**PROVIDED MATERIAL:**
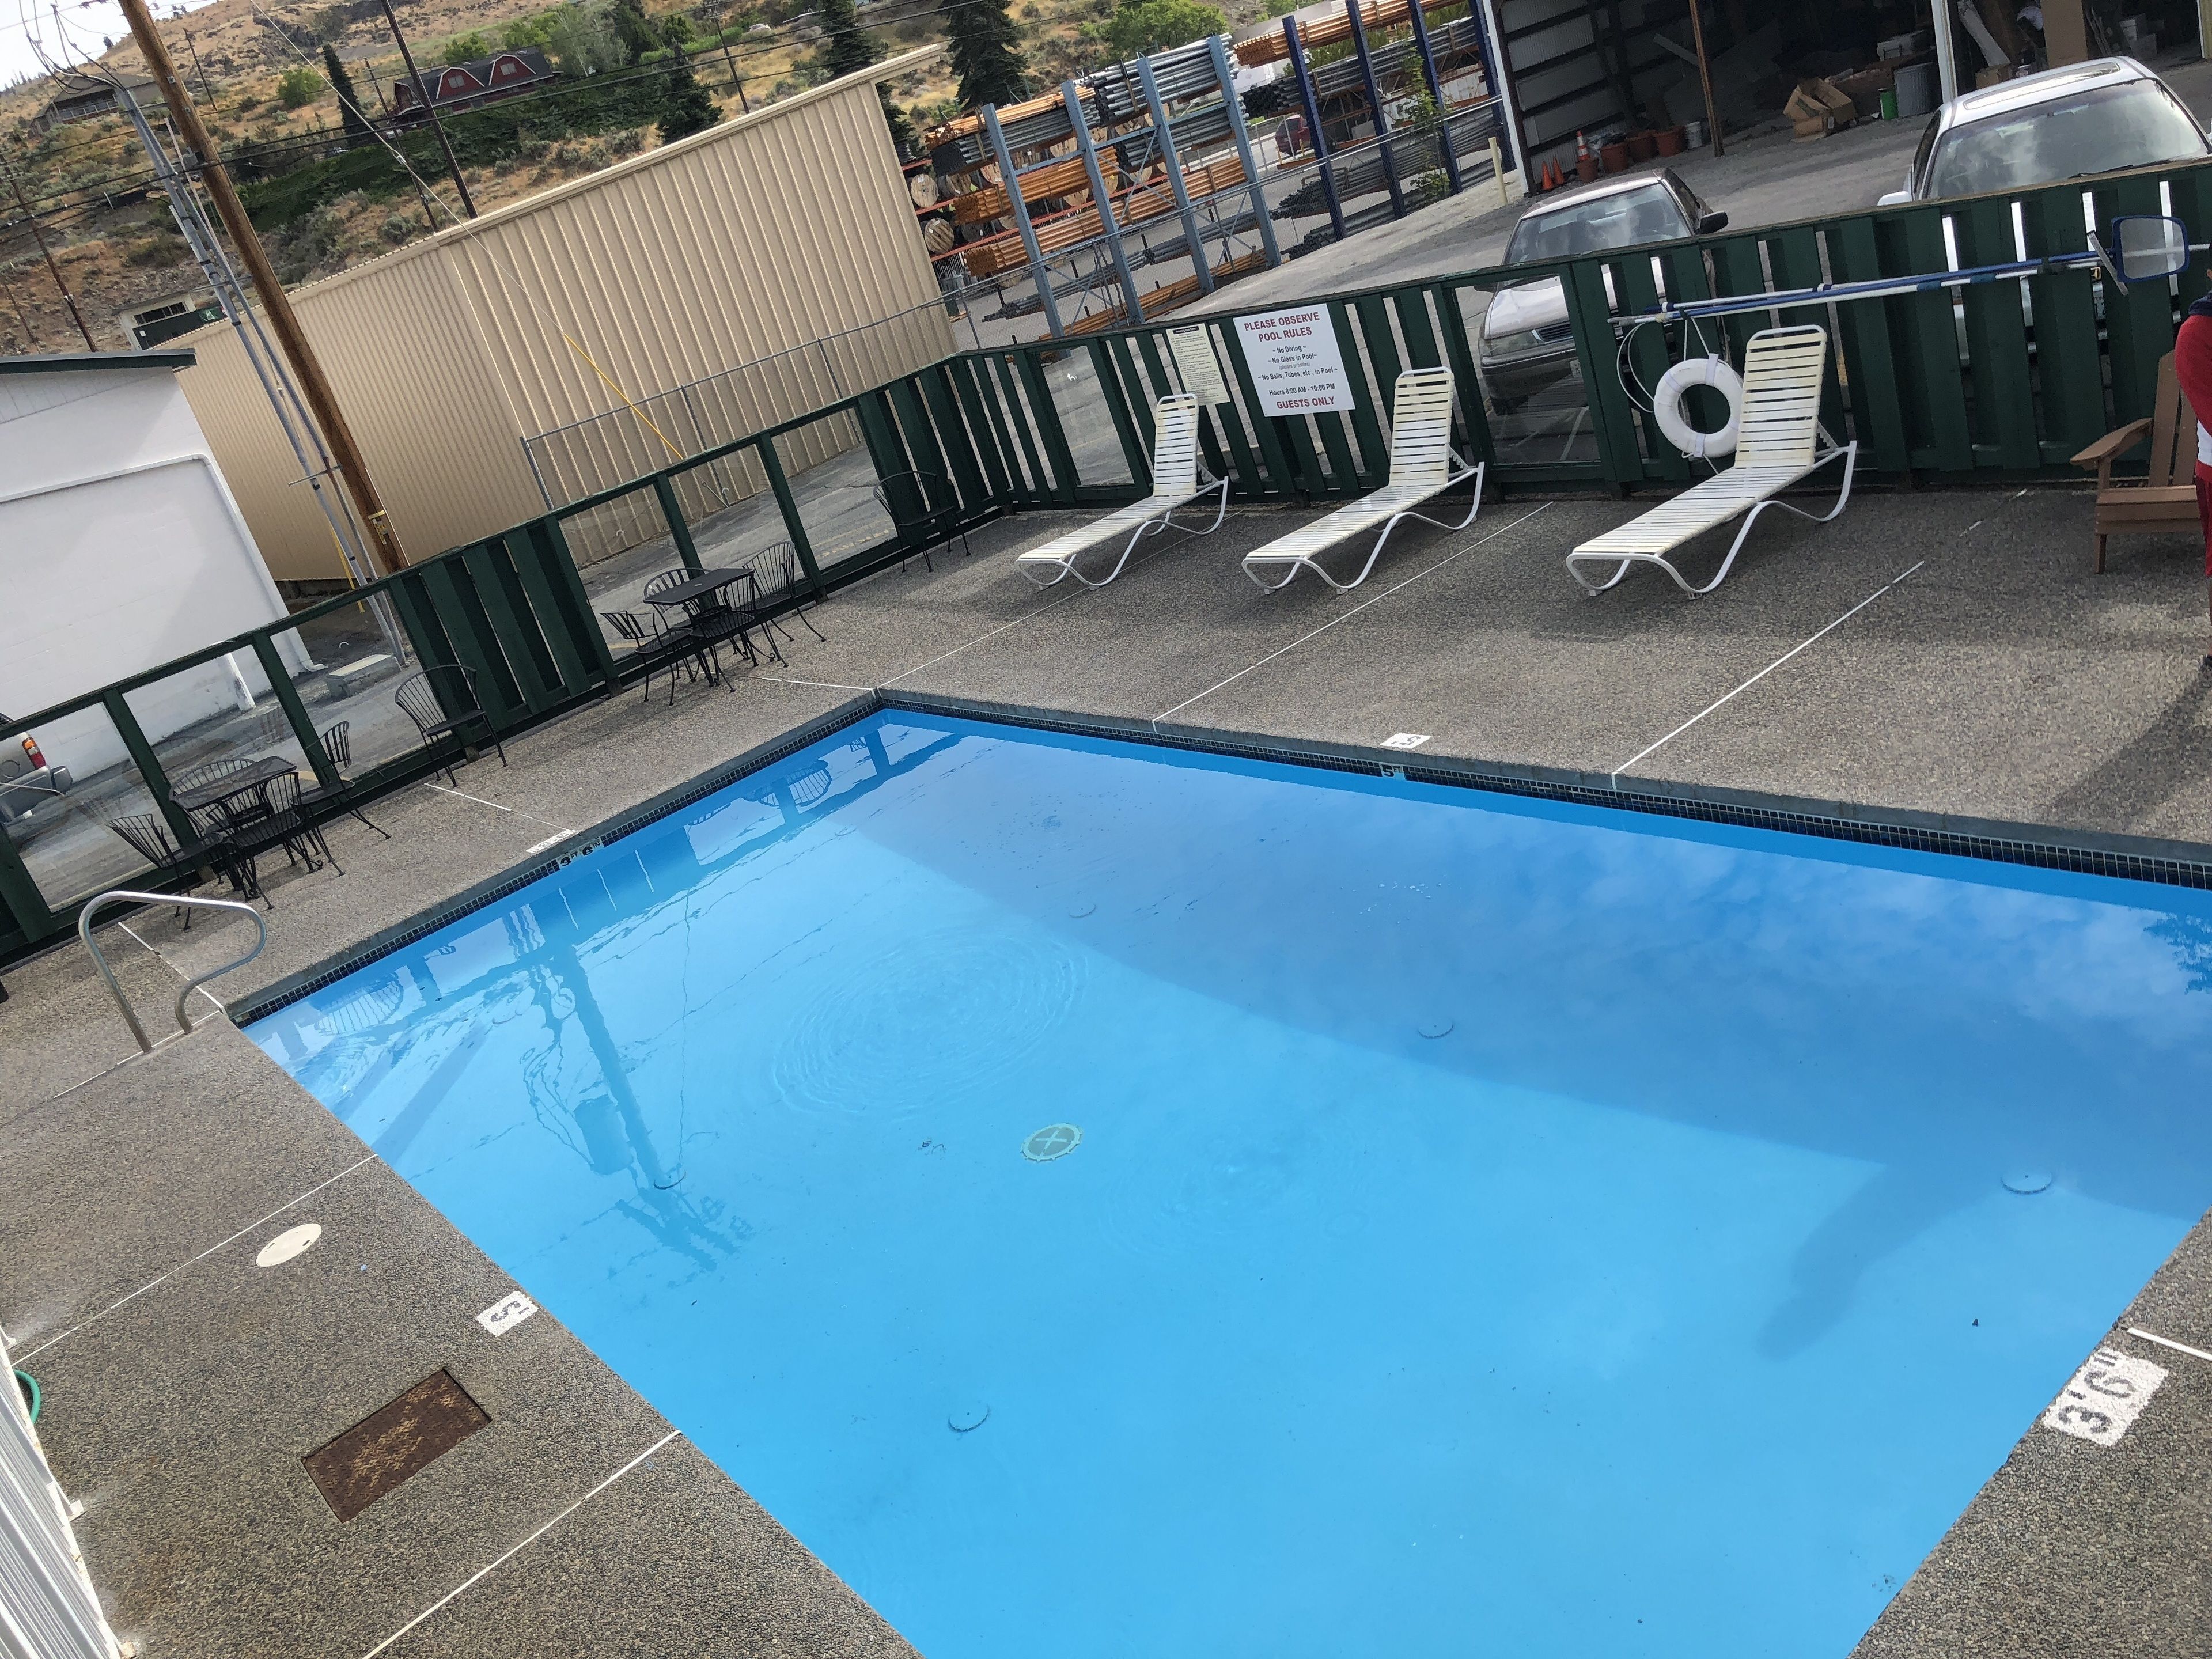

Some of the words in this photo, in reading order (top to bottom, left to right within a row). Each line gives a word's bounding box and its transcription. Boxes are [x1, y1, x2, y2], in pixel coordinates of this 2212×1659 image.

[1244, 319, 1277, 331] PLEASE
[1278, 312, 1320, 326] OBSERVE
[1258, 331, 1282, 342] POOL
[1283, 327, 1312, 339] RULES
[1320, 366, 1334, 374] Pool
[1277, 399, 1310, 409] GUESTS
[1312, 396, 1334, 406] ONLY
[1382, 764, 1394, 777] 5
[560, 857, 572, 867] 3
[582, 846, 594, 856] 6
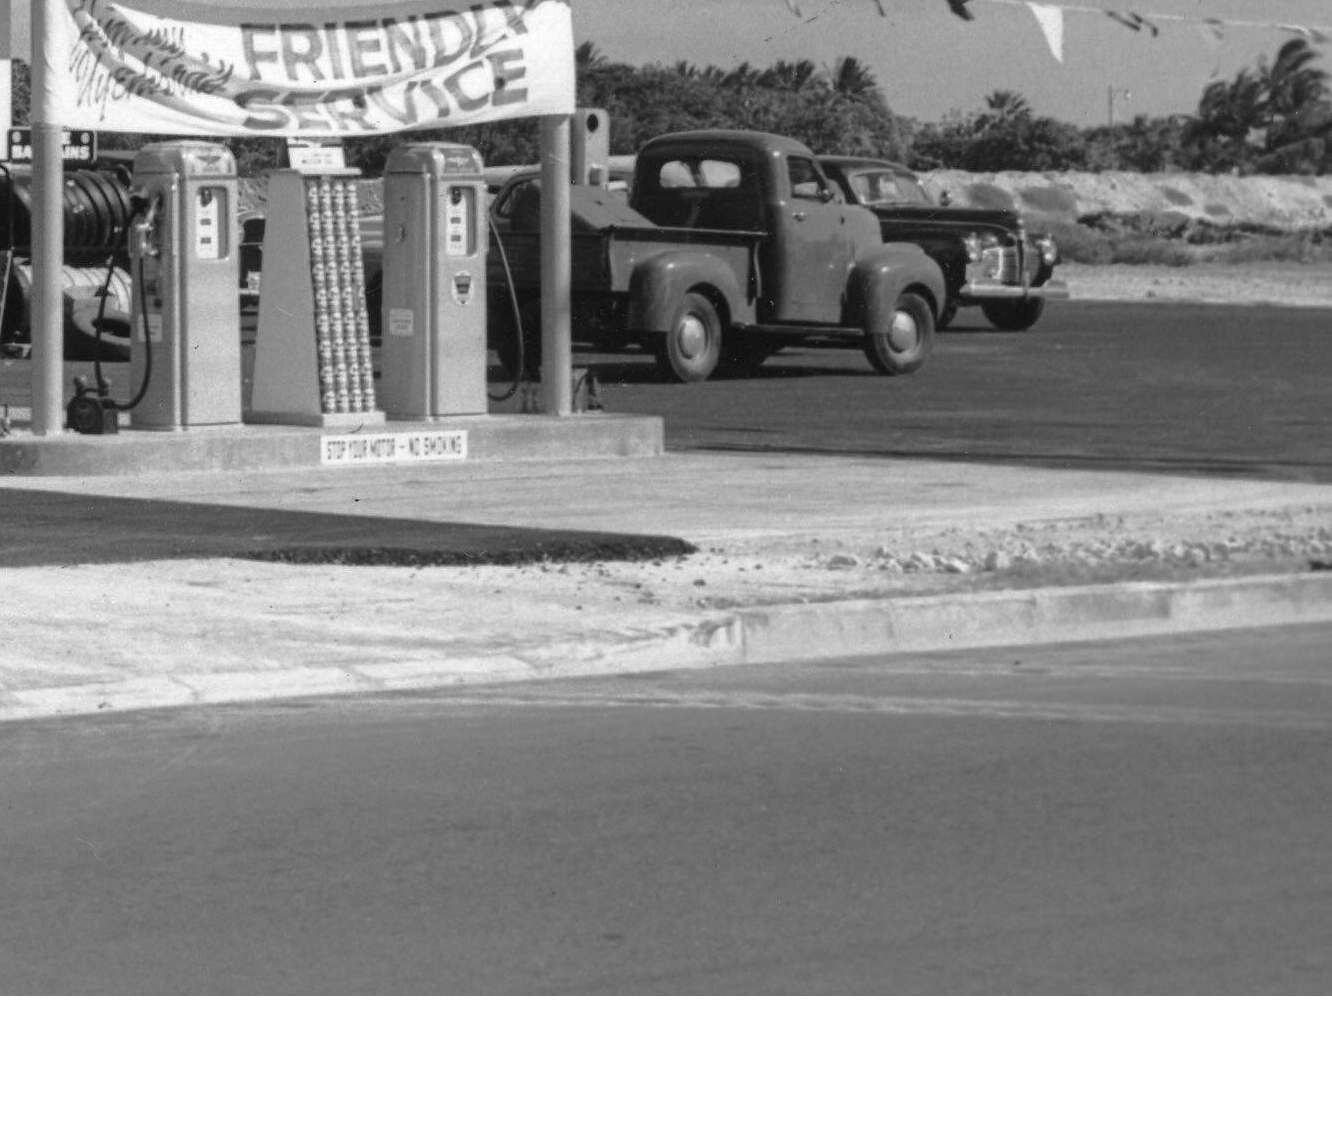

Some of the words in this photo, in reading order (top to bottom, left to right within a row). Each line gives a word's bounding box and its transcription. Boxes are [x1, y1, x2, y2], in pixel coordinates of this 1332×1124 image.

[235, 48, 529, 131] SERVICE
[11, 145, 91, 160] BAINS
[327, 440, 346, 460] STOP
[348, 439, 368, 459] YOUR
[370, 437, 395, 458] MOTOR
[409, 436, 420, 456] NO
[424, 435, 462, 456] SMOKING

**EXERCISE AIM:** The whole listing above, word for word: repeat it with the pictures excluded.

**SOLUTION TO THIS PROBLEM:**
Some of the words in this photo, in reading order (top to bottom, left to right within a row). Each line gives a word's bounding box and its transcription. Boxes are [x1, y1, x2, y2], in pixel coordinates of this 2212×1659 image.

[1244, 319, 1277, 331] PLEASE
[1278, 312, 1320, 326] OBSERVE
[1258, 331, 1282, 342] POOL
[1283, 327, 1312, 339] RULES
[1320, 366, 1334, 374] Pool
[1277, 399, 1310, 409] GUESTS
[1312, 396, 1334, 406] ONLY
[1382, 764, 1394, 777] 5
[560, 857, 572, 867] 3
[582, 846, 594, 856] 6

Some of the words in this photo, in reading order (top to bottom, left to right within a row). Each line gives a word's bounding box and its transcription. Boxes are [x1, y1, x2, y2], in pixel coordinates of this 1332×1124 image.

[235, 48, 529, 131] SERVICE
[11, 145, 91, 160] BAINS
[327, 440, 346, 460] STOP
[348, 439, 368, 459] YOUR
[370, 437, 395, 458] MOTOR
[409, 436, 420, 456] NO
[424, 435, 462, 456] SMOKING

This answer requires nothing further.